::: SUPPLIED RECORDS

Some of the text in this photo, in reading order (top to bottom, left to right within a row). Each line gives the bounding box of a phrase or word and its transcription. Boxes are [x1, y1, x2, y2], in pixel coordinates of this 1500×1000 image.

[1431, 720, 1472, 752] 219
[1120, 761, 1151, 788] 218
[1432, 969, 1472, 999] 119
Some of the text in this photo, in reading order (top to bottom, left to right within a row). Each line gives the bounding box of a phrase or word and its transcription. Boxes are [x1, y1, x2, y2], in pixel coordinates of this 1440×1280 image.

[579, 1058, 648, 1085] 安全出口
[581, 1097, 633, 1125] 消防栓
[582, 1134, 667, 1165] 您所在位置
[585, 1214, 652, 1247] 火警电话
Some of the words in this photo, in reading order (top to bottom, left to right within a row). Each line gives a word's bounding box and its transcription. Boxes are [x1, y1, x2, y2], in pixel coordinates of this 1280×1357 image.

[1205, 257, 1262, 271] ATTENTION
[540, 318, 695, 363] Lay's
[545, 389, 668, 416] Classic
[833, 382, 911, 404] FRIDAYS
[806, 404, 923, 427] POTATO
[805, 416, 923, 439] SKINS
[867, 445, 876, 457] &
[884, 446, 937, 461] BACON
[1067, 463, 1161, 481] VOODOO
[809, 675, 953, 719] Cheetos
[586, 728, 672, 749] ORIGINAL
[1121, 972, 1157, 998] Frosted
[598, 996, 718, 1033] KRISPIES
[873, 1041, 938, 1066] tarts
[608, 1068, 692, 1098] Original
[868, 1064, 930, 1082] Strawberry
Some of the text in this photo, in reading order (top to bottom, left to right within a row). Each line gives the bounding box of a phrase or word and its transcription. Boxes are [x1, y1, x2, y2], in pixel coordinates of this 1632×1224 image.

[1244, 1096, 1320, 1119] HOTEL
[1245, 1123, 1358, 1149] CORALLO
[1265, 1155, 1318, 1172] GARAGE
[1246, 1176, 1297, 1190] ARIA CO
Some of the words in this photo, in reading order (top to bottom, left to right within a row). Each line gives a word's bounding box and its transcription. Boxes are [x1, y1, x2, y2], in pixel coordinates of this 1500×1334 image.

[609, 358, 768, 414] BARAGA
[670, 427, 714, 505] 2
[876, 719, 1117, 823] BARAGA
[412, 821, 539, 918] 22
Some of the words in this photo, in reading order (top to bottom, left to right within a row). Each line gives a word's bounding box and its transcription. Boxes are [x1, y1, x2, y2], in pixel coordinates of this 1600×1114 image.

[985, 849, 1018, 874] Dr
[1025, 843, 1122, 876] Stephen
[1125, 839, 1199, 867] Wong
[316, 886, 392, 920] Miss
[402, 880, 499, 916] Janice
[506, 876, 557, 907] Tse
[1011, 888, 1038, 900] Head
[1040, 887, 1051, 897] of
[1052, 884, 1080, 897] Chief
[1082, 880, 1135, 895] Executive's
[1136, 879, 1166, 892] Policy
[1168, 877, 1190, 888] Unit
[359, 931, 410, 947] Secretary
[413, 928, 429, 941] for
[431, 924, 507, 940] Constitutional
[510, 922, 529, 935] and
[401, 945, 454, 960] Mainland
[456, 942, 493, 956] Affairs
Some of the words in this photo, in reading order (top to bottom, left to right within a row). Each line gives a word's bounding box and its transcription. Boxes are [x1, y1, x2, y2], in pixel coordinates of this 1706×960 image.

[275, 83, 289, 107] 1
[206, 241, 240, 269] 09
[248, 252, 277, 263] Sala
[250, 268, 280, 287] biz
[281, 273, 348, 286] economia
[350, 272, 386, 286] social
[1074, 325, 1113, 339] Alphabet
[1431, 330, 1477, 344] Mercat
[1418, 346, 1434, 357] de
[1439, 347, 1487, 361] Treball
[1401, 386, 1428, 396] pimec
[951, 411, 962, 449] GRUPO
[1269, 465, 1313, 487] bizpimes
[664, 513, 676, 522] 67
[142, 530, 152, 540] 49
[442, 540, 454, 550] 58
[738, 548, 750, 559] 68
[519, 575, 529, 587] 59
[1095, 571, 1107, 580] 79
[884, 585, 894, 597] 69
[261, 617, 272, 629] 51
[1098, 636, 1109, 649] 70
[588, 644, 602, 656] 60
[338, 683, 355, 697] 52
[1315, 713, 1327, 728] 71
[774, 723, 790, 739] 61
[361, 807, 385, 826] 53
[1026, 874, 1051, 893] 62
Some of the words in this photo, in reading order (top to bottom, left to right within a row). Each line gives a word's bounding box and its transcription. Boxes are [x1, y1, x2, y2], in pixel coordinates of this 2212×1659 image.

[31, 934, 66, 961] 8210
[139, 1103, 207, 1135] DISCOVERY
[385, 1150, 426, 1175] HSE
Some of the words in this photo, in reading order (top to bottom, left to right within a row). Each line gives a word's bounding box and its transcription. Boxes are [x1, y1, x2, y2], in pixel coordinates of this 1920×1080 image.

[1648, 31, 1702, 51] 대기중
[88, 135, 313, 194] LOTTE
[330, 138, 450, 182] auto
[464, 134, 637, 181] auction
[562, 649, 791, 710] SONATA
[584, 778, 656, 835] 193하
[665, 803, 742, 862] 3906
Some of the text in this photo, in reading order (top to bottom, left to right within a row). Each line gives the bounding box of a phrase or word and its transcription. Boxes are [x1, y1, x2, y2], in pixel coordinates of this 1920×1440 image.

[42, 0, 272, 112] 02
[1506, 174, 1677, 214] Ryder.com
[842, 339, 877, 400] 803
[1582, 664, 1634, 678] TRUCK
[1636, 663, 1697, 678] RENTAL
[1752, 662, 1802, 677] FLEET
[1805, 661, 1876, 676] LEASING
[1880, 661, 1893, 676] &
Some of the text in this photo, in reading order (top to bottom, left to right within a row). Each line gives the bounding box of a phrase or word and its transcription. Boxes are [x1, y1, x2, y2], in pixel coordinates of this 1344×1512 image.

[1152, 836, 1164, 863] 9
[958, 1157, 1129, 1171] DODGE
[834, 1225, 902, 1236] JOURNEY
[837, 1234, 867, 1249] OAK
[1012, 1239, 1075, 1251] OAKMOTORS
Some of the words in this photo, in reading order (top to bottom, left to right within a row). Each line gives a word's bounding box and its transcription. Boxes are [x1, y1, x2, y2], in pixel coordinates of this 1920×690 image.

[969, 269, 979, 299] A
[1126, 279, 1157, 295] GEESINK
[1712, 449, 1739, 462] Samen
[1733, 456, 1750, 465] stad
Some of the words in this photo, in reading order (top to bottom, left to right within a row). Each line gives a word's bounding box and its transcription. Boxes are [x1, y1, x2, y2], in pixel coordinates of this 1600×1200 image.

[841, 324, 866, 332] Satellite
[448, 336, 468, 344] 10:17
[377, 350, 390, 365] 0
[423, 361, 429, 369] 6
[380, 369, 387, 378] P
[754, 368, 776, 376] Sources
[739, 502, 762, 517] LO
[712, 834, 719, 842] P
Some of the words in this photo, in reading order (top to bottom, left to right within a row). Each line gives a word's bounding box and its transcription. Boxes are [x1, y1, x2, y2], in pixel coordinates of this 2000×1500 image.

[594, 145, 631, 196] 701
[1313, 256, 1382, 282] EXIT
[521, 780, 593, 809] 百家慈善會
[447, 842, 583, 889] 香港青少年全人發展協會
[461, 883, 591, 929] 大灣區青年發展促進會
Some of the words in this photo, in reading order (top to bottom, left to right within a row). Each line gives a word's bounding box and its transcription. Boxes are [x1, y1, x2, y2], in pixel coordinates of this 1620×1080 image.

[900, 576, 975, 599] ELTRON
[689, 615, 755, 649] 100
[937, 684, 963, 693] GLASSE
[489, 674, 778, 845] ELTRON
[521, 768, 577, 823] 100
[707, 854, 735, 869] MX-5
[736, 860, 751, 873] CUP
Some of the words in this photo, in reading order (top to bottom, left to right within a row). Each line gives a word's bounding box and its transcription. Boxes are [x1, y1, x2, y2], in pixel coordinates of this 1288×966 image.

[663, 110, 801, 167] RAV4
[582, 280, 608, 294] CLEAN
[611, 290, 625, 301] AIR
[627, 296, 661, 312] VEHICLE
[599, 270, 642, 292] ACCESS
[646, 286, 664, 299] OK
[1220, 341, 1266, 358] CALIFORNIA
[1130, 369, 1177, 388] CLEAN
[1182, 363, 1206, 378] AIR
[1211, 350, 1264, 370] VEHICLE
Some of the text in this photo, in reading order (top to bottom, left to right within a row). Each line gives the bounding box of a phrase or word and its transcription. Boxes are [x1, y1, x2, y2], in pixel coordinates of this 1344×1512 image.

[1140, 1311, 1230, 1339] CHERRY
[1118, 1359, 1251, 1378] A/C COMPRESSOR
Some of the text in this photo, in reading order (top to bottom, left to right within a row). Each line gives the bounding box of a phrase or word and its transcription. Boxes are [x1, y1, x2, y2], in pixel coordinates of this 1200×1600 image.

::::::

> WHAT THE TASK REQUIRES: Starting from the line that contains "this 1288×966 image.", reproduce each line of the data exactly through the last one.

> ANSWER:
Some of the words in this photo, in reading order (top to bottom, left to right within a row). Each line gives a word's bounding box and its transcription. Boxes are [x1, y1, x2, y2], in pixel coordinates of this 1288×966 image.

[663, 110, 801, 167] RAV4
[582, 280, 608, 294] CLEAN
[611, 290, 625, 301] AIR
[627, 296, 661, 312] VEHICLE
[599, 270, 642, 292] ACCESS
[646, 286, 664, 299] OK
[1220, 341, 1266, 358] CALIFORNIA
[1130, 369, 1177, 388] CLEAN
[1182, 363, 1206, 378] AIR
[1211, 350, 1264, 370] VEHICLE
Some of the text in this photo, in reading order (top to bottom, left to right within a row). Each line gives the bounding box of a phrase or word and its transcription. Boxes are [x1, y1, x2, y2], in pixel coordinates of this 1344×1512 image.

[1140, 1311, 1230, 1339] CHERRY
[1118, 1359, 1251, 1378] A/C COMPRESSOR
Some of the text in this photo, in reading order (top to bottom, left to right within a row). Each line gives the bounding box of a phrase or word and its transcription. Boxes are [x1, y1, x2, y2], in pixel coordinates of this 1200×1600 image.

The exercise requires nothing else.